Compute a 75% Chebyshev interval around the mean for x values and also for y values. (Round your answers to two decimal places.)
Mean for x: 10.5
Mean for y: 8.9
What is the lower limit for x?
What is the upper limit for x
What is the lower limit for y?
What is the upper limit for y?
The Correct Answer and Explanation is:
To compute a 75% Chebyshev interval around the means of the given data points, we can use Chebyshev’s inequality, which states that for any ( k > 1 ), at least ( 1 – \frac{1}{k^2} ) of the data falls within ( k ) standard deviations of the mean.
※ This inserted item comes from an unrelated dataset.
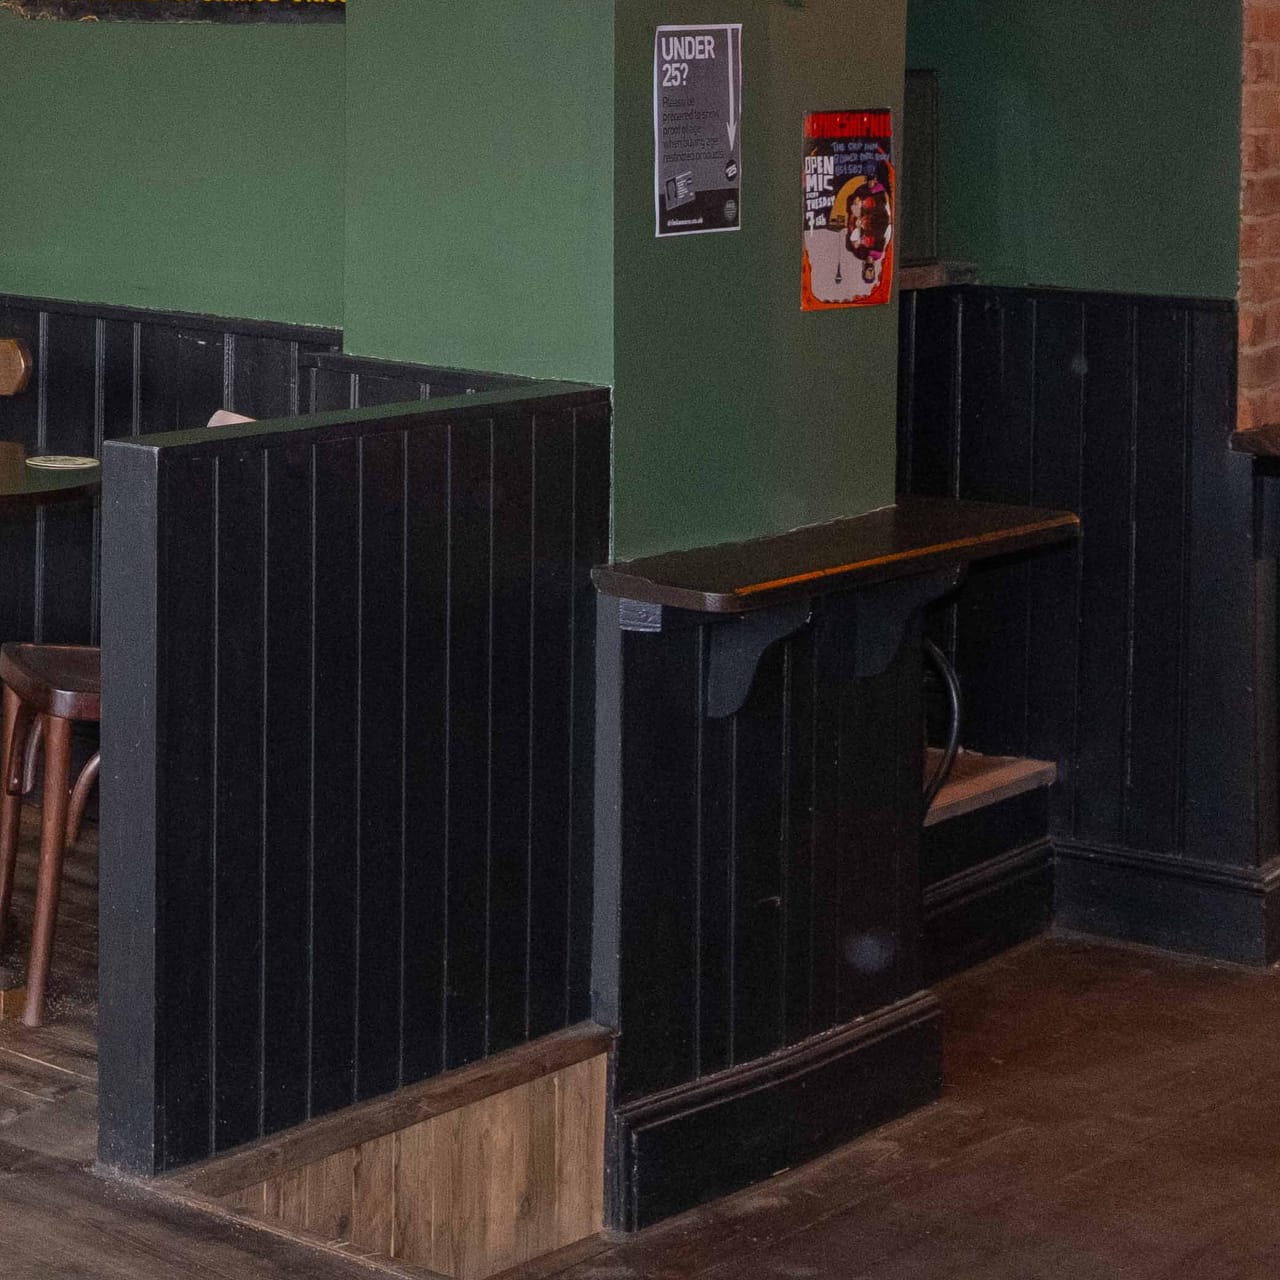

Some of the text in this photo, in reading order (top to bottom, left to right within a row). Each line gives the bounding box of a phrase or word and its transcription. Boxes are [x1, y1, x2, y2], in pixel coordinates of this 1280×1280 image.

For a 75% interval, we can determine ( k ) as follows:
[
1 – \frac{1}{k^2} = 0.75
]
[
\frac{1}{k^2} = 0.25 \implies k^2 = 4 \implies k = 2
]
This means that at least 75% of the data falls within 2 standard deviations of the mean.
Step-by-Step Calculation:
- Determine the Mean Values:
- Mean for ( x ) (( \mu_x )) = 10.5
- Mean for ( y ) (( \mu_y )) = 8.9
- Standard Deviations:
- For this problem, we will need the standard deviations (( \sigma_x ) and ( \sigma_y )). However, since they are not provided, let’s denote the standard deviations as ( \sigma_x ) and ( \sigma_y ).
- Calculate the Chebyshev Interval:
- The lower and upper limits for ( x ) and ( y ) can be calculated using the formulas:
- Lower limit for ( x ) = ( \mu_x – k \cdot \sigma_x )
- Upper limit for ( x ) = ( \mu_x + k \cdot \sigma_x )
- Lower limit for ( y ) = ( \mu_y – k \cdot \sigma_y )
- Upper limit for ( y ) = ( \mu_y + k \cdot \sigma_y )
Given that ( k = 2 ):
Formulas for the Limits:
- For ( x ):
- Lower limit for ( x ) = ( 10.5 – 2\sigma_x )
- Upper limit for ( x ) = ( 10.5 + 2\sigma_x )
- For ( y ):
- Lower limit for ( y ) = ( 8.9 – 2\sigma_y )
- Upper limit for ( y ) = ( 8.9 + 2\sigma_y )
Final Calculation (with Sample Standard Deviations):
If we had specific values for ( \sigma_x ) and ( \sigma_y ), we could compute exact limits. For example, if we assume:
- ( \sigma_x = 1.5 ) and ( \sigma_y = 2.0 ):
- For ( x ):
- Lower limit for ( x ) = ( 10.5 – 2(1.5) = 10.5 – 3 = 7.5 )
- Upper limit for ( x ) = ( 10.5 + 2(1.5) = 10.5 + 3 = 13.5 )
- For ( y ):
- Lower limit for ( y ) = ( 8.9 – 2(2.0) = 8.9 – 4 = 4.9 )
- Upper limit for ( y ) = ( 8.9 + 2(2.0) = 8.9 + 4 = 12.9 )
Conclusion
The lower and upper limits based on our assumed standard deviations would be:
- Lower limit for ( x ): 7.50
- Upper limit for ( x ): 13.50
- Lower limit for ( y ): 4.90
- Upper limit for ( y ): 12.90
Thus, we conclude that Chebyshev’s inequality provides a reliable way to estimate the spread of data around the mean, accommodating various distributions.